Researchers seeking to discover Amelia Earhart's fate 75 years after she vanished over the Pacific have set off from Hawaii.
Researchers on the $2 million (€1.5 million) expedition will travel 2,900 kilometres by ship from Honolulu to Nikumaroro in the Republic of Kiribati to look for wreckage of her plane near a remote island where they believe the US aviator died a castaway.
They believe Earhart's Lockheed Electra may rest in waters offshore from where they suspect she survived for weeks or months in 1937.
Richard Gillespie, executive director of The International Group for Historic Aircraft Recovery (TIGHAR), puts forward the theory Earhart's plane was washed off the reef by surf days after Earhart and her navigator, Fred Noonan, landed on Nikumaroro, about 644km southeast of their Howland Island destination.

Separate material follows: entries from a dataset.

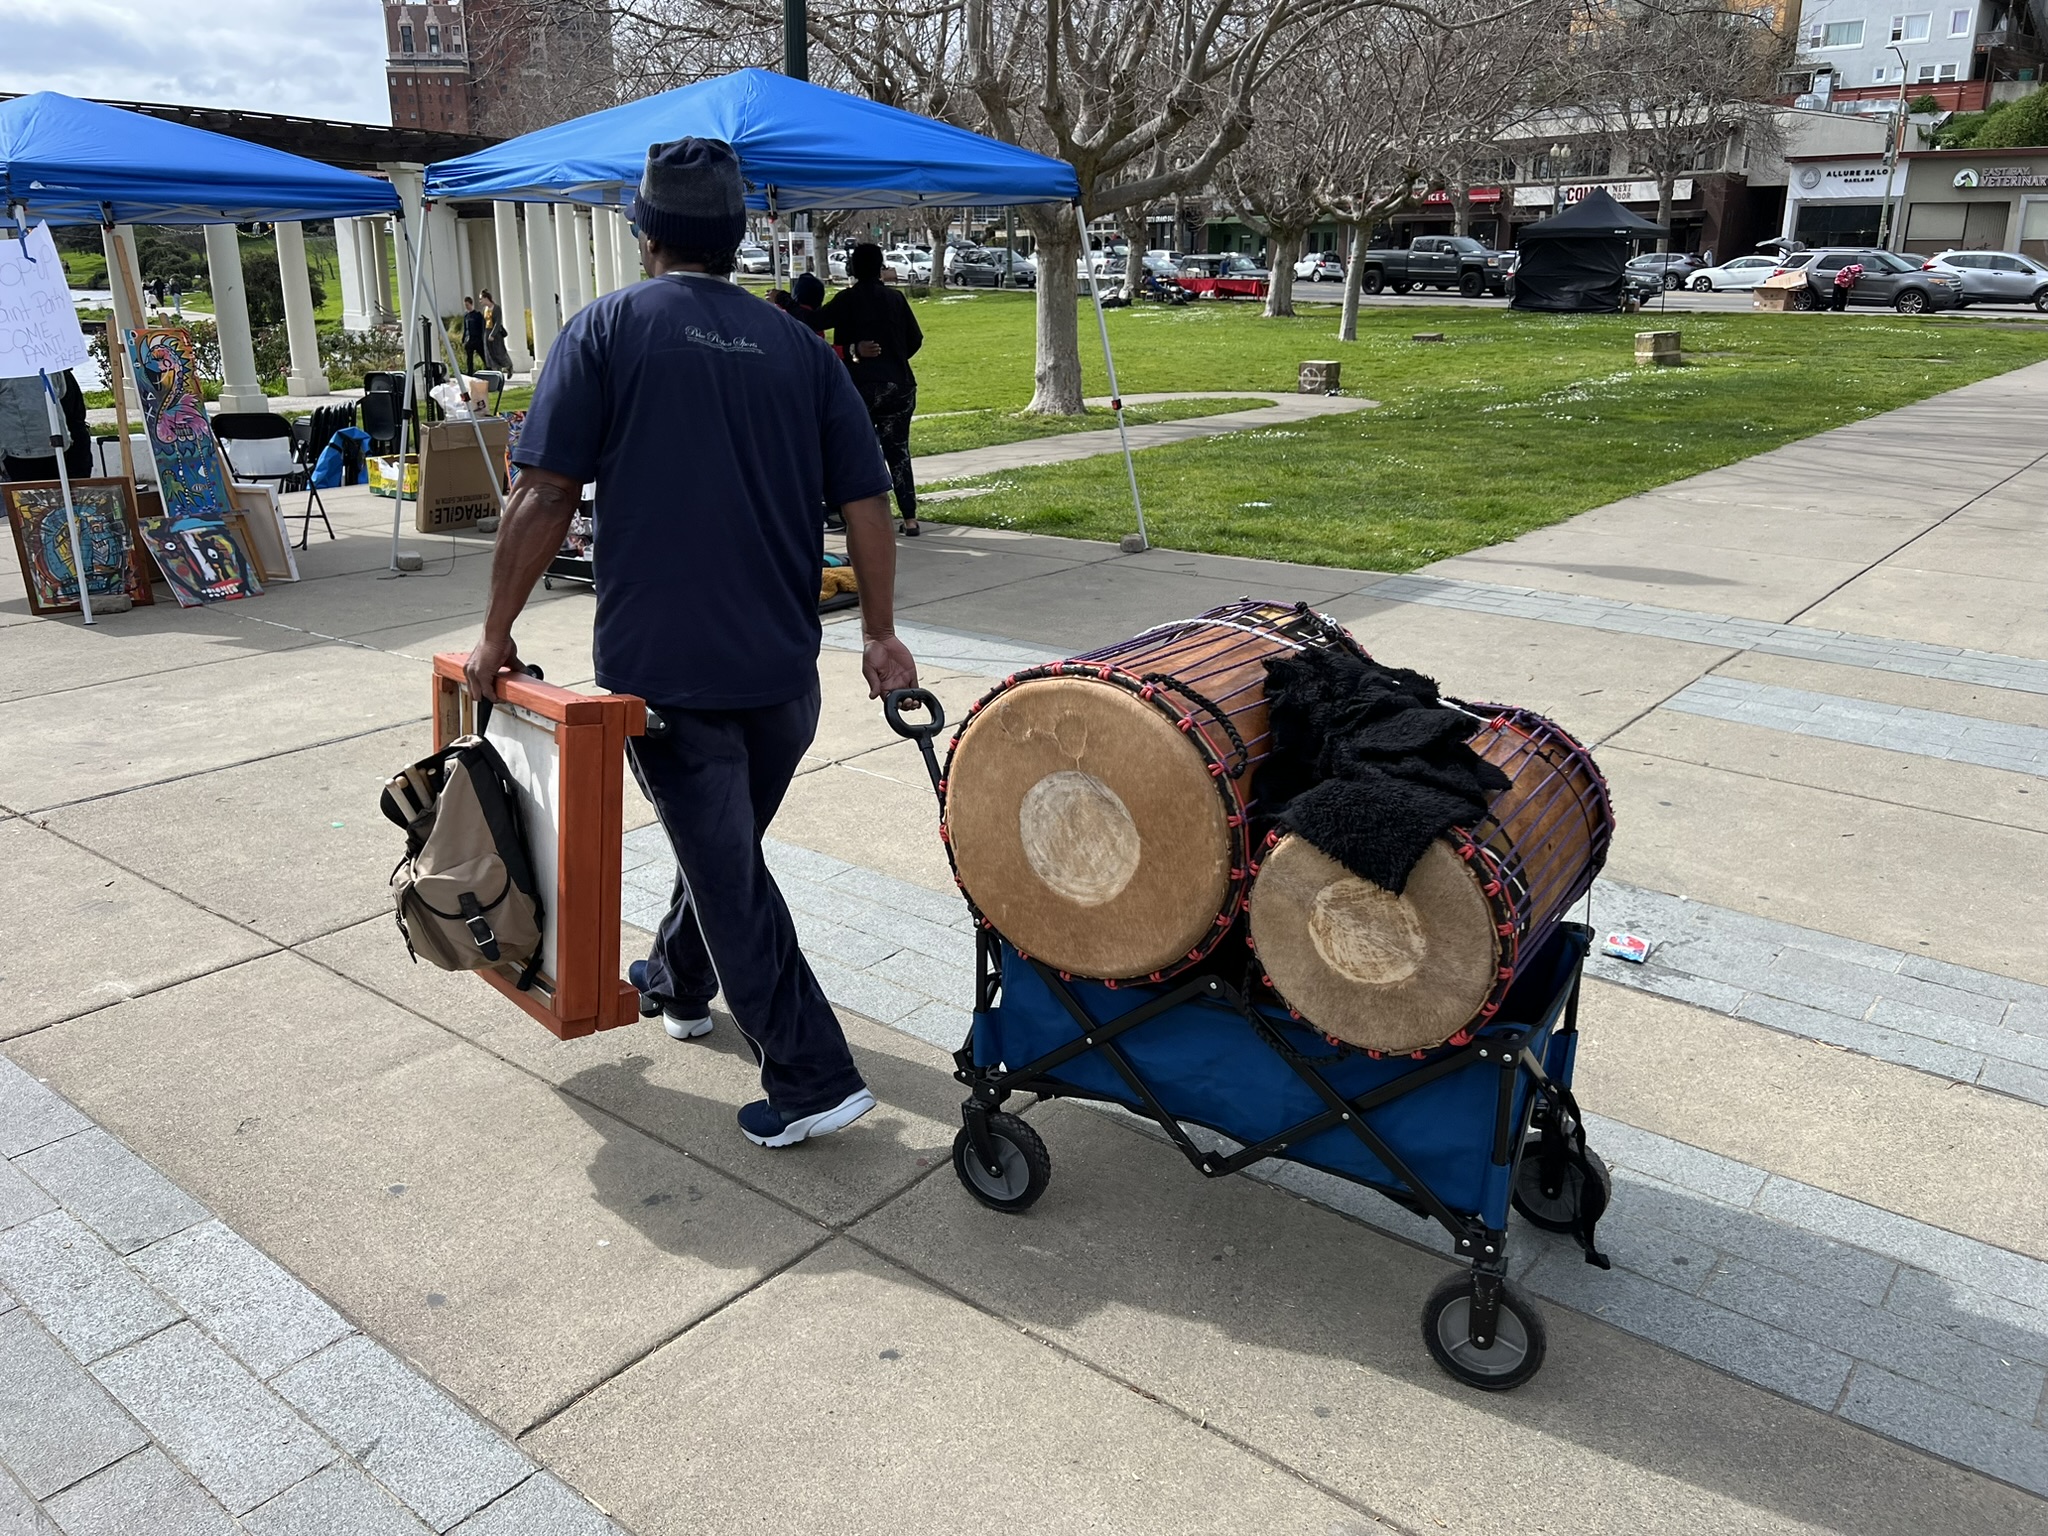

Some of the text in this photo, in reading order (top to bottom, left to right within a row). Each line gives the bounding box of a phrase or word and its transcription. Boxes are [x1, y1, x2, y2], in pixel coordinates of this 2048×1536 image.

[1826, 168, 1895, 178] ALLURE SALO
[1982, 168, 2008, 176] EAST
[1980, 175, 2048, 187] VETERINAR
[1612, 184, 1632, 192] NEXT
[0, 295, 31, 323] aint
[22, 328, 66, 365] PAINT!
[733, 336, 758, 348] Sports

The duo had departed Papua New Guinea July 2nd in Earhart's quest to circumnavigate the globe along an equatorial route.
(L) Amelia Earhart is pictured with her Lockheed Electra10E before her ill-fated quest to fly around the world 75 years ago. Photograph: PRNewsFoto/Newscom/Reuters. (R) A close-up view of what scientists say could be the undercarriage of a Lockheed Electra airplane is pictured at the reef at Nikumaroro, Republic of Kiribati, in a October 1937 photograph. Photograph: Tighar/Eric Bevington/Reuters
Mr Gillespie said circumstantial evidence collected on previous trips to Nikumaroro makes a strong case for his theory that Earhart ended her days as a castaway, ultimately perishing in the island's harsh conditions.

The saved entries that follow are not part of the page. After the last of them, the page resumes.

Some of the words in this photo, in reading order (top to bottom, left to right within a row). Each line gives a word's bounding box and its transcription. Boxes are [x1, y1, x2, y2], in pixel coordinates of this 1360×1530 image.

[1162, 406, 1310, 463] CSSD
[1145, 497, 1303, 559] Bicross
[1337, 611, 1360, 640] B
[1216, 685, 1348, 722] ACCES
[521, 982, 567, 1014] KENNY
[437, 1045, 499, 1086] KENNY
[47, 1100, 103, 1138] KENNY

Discovered items include what appears to be jar of a once-popular brand of anti-freckle cream from the 1930s, a clothing zipper from the same decade, a bone-handled pocket knife of the type Earhart carried, and piles of fish and bird bones indicative of a Westerner trying to survive.
"We have hints as to how long she did survive," Mr Gillespie said. "Based on the amount of bones, she survived a number of weeks, maybe months. This is a whole chapter in Amelia Earhart's life that no one ever knew. It's heroic stuff."

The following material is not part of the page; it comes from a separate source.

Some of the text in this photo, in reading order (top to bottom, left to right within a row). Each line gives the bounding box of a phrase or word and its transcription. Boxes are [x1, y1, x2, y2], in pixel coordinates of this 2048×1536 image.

The state of the discovered fish bones found by what Gillespie believes was Earhart's campsite leads him to believe they were consumed by a Westerner.
"Pacific Islanders usually eat the head of the fish. That's often what they think is the best part. This person isn't eating them," he said."We found giant clamshells. . . . A Pacific Islander will catch them while open and cut them out. There were several up at the campsite bashed in," he added, saying others were laid up concave as if to catch rainwater.
"We've found bottles standing in what was a campfire, with the bottoms melted but the top not heat-damaged, and pieces of wire fashioned into a loop. It looks like someone was boiling water to make it safe to drink.
Researchers have also found bone fragments, although Mr Gillespie said these were too compromised to provide DNA for testing. He believes a partial skeleton found by a British officer in 1940 may have been Earhart's. The skeleton was taken to Fiji. A doctor there concluded it belonged to a man, but Gillespie said a reexamination of the recorded bone dimensions indicate the remains were of a Caucasian female.
Found along with the skeleton were a man's and woman's shoe, and a sextant box.What happened to the bones remains a mystery.
Mr Gillespie travelled with his group to Fiji last summer to try to find them based on old records. He said they did find a box of bones, but that testing showed they belonged to a Polynesian female.
Mr Gillespie says there has been no evidence of the fate of Earhart's navigator, Fred Noonan. "We don't know much about Fred. The partial skeleton found in 1940 was that of a woman who had died by the campsite."